To add insult to injury, China has declared a `Made in China 2025’ program, which is geared toward removing whatever residual reliance the country may have on the outside world. According to Nikkei Asian Review, by 2018, China had already reached number two, only second to the U.S., in terms of International Patent Applications, Superconductor Calculation Speed, number of Supercomputers owned, and number of companies undertaking research on artificial intelligence. Sceptics can continue to pour doubt and scorn on whether closing this gap is possible, but with the record China has built over the last three decades of proving the naysayers wrong, the correct posture would be patient observation rather than outright dismissal.

In its characteristically crude and indelicate way, the Trump presidency has made the strategic calculation that China’s technological ascendency and the greater economic power it yields must be dealt with now. This means that even if some ‘deal’ to address the trade deficit is announced (something the Chinese have indicated they want very much), the underlying structural problems in the relationship will not vanish. The crucial issue is that many in the U.S. are simply not prepared to consider a world in which they are no longer, at least in economic terms, number one. This desire to stay on top motivates the actions of the Trump administration, and provides critical domestic support while U.S. allies lie in wait.

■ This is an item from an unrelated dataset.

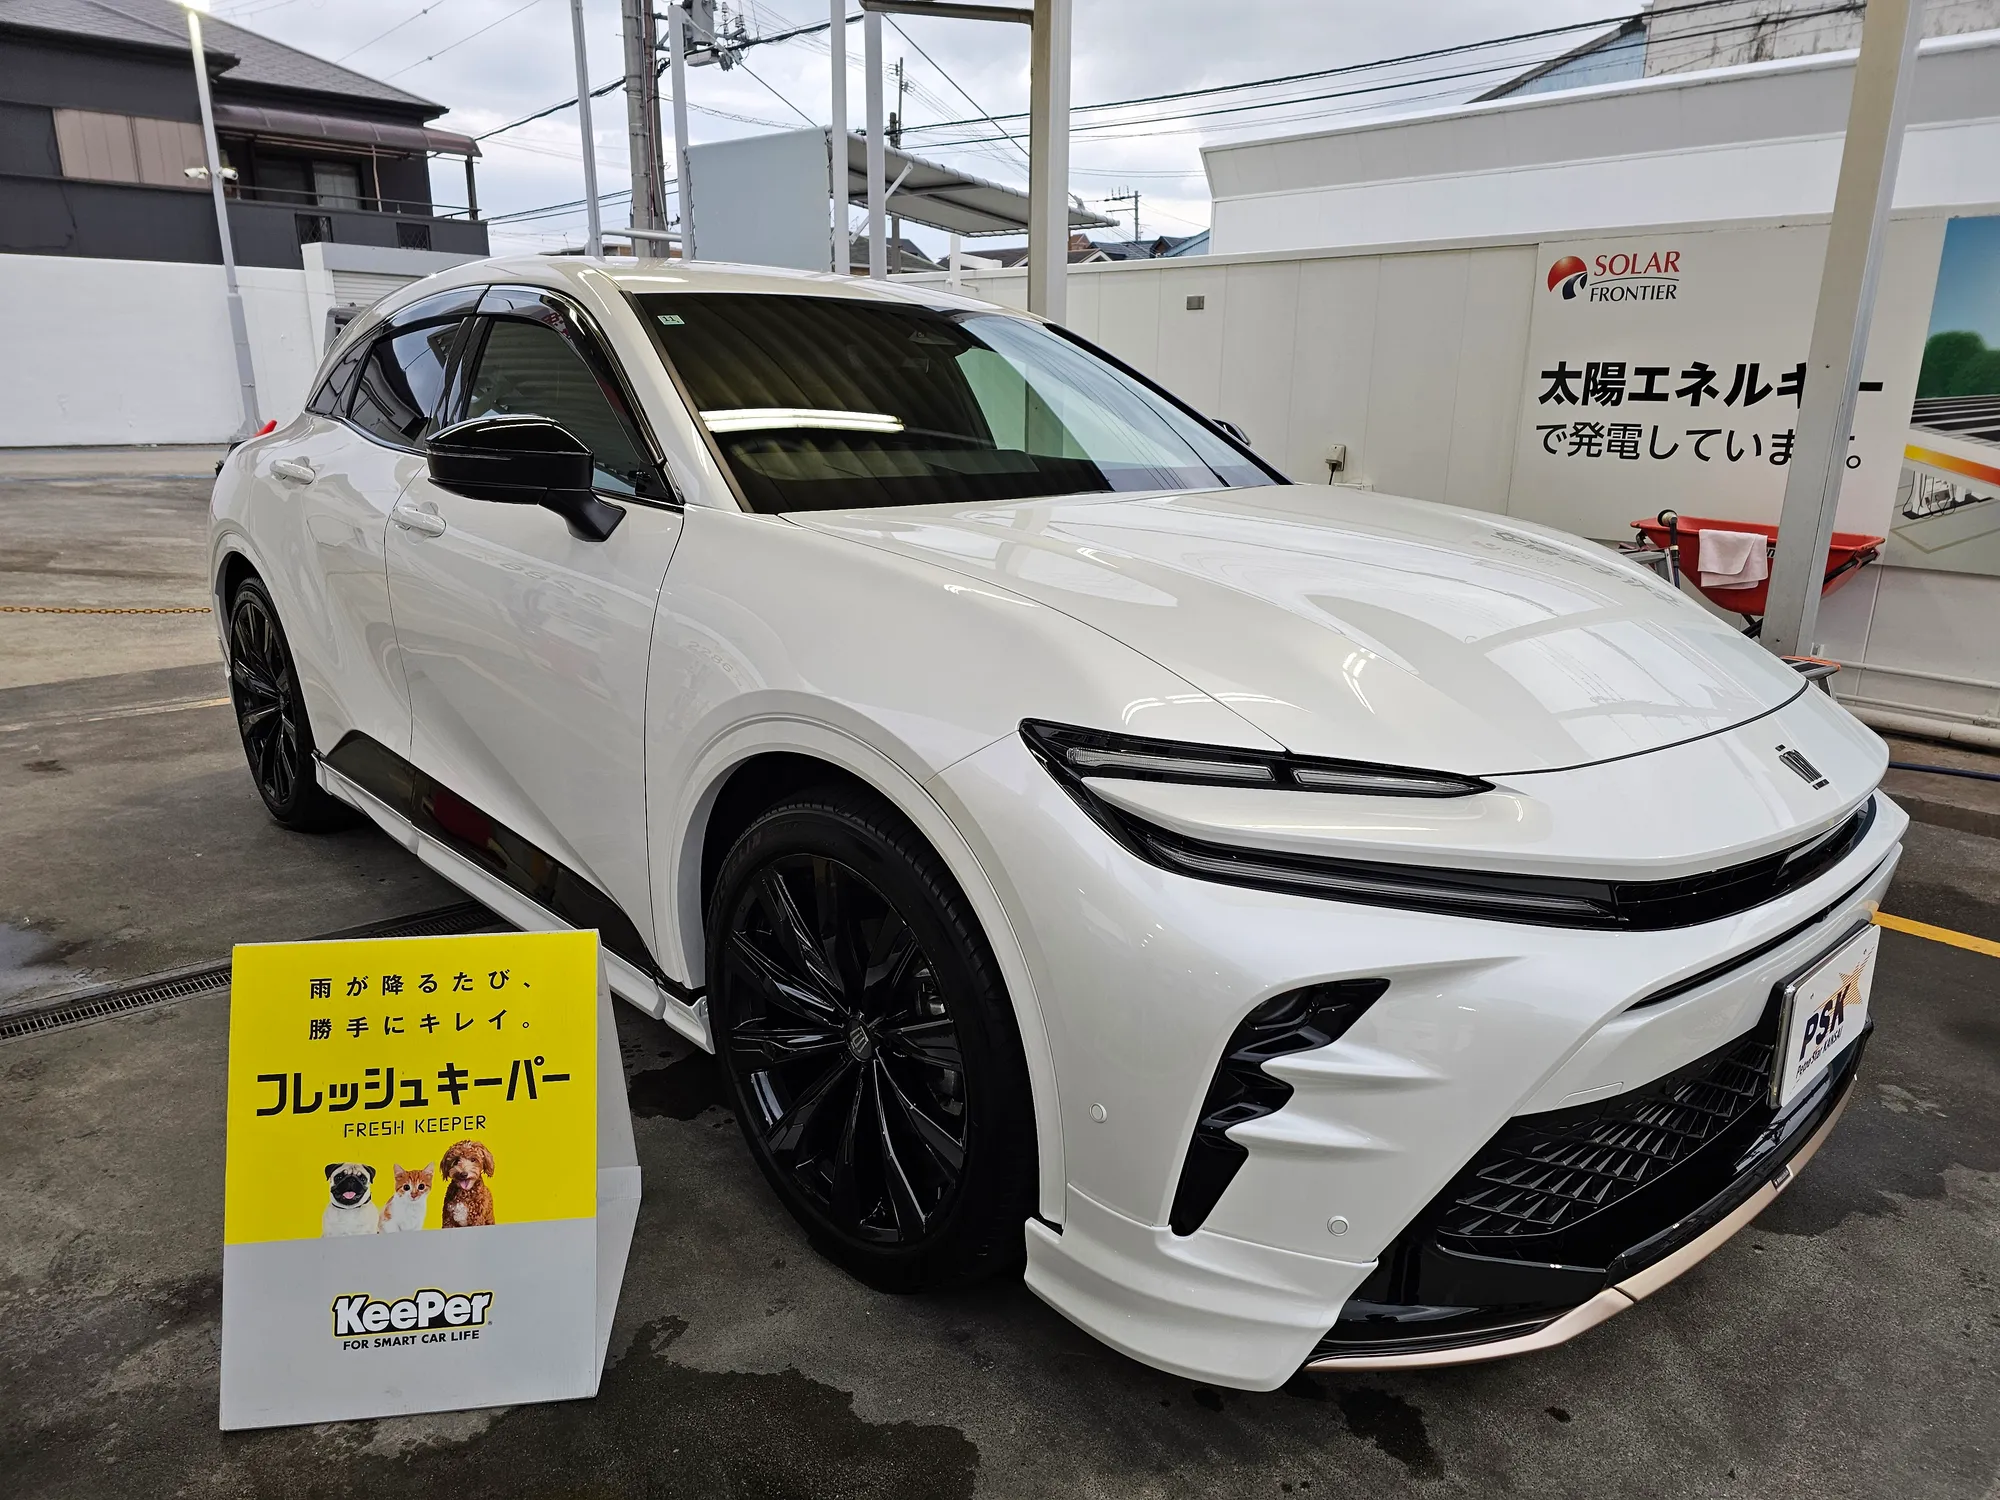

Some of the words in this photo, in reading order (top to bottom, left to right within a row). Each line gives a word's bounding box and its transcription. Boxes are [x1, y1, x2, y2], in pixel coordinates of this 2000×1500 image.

The response of partners like the EU Chamber of Commerce to the grand claims that Xi Jinping made at the huge Import conference in Beijing in early November about encouraging more inward trade and buying more from the world apart from commodities and energy, is likely to be the new normal - “This constant repetition,’ they stated, ‘without sufficient concrete measures or timelines being introduced, has left the European business community increasingly desensitised to these kinds of promises.’ Trump’s stance has emboldened world leaders to openly state their suspicions and concerns. And the friendly rhetoric from Beijing will no longer be enough to placate them.

This is a difficult situation to resolve. Xi cannot inhibit Chinese aspirations without endangering his government or his country’s stability, but it is unlikely that Trump will fully relinquish America’s global prominence, despite his policies that initiate retrenchment from global governance. Global leadership has now become part of the country’s identity. At best, we are in an era of attritional conflict, in which the two powers manoeuvre and manipulate around the delicate situation they are in, avoiding direct clash, but experiencing deeper and wider rifts in the relationship. Deng Xiaoping wisely stated that for intractable issues, like Taiwan, the government had best leave them to a future time when a solution might appear. This may be the best approach for the U.S. and China today, because at the moment there are no easy answers to the questions they are posing to each other – and there won’t be any time soon.